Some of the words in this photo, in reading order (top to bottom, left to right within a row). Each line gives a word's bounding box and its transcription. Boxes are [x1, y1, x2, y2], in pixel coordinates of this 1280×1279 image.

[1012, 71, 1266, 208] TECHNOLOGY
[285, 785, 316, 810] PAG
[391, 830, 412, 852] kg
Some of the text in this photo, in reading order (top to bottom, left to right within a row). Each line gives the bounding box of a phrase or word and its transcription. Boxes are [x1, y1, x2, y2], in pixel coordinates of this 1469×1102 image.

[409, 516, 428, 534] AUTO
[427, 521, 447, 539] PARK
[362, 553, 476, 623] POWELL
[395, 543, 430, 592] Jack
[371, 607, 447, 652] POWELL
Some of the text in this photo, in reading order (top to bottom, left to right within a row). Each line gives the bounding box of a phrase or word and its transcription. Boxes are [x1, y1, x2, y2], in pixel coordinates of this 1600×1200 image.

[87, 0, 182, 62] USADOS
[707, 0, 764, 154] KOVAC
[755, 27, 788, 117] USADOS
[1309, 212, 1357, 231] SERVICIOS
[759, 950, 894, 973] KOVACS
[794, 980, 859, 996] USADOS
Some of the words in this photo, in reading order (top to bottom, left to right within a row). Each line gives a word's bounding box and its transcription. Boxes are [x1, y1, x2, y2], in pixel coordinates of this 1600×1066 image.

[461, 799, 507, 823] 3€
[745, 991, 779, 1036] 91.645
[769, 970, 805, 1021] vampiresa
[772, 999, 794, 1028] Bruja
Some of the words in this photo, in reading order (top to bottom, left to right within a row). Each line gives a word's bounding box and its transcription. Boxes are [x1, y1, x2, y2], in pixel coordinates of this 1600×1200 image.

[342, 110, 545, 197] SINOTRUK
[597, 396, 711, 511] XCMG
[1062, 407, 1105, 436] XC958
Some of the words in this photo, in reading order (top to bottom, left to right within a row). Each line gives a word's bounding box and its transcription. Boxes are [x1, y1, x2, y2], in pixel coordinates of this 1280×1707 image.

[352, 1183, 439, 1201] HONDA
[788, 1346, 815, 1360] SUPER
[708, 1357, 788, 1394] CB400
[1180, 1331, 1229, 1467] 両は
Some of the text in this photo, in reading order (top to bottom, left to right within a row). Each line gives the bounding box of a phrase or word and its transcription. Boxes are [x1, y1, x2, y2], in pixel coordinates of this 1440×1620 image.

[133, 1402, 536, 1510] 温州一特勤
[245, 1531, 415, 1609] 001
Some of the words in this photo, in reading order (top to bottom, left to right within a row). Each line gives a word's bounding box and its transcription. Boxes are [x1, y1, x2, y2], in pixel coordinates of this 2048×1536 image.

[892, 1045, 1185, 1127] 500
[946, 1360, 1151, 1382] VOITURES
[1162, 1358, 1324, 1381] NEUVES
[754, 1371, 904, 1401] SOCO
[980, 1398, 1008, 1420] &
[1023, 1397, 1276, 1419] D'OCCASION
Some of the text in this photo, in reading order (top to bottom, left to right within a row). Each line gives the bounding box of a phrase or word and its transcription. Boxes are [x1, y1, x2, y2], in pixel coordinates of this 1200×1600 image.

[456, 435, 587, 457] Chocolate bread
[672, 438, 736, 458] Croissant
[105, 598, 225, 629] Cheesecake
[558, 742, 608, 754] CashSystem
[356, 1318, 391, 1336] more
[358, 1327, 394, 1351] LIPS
+ + + + + + +
**Brief**
Please output exactly the lines from the one containing "this 1200×1600 image." through the end of the records, both included.

**Task answer**
Some of the text in this photo, in reading order (top to bottom, left to right within a row). Each line gives the bounding box of a phrase or word and its transcription. Boxes are [x1, y1, x2, y2], in pixel coordinates of this 1200×1600 image.

[456, 435, 587, 457] Chocolate bread
[672, 438, 736, 458] Croissant
[105, 598, 225, 629] Cheesecake
[558, 742, 608, 754] CashSystem
[356, 1318, 391, 1336] more
[358, 1327, 394, 1351] LIPS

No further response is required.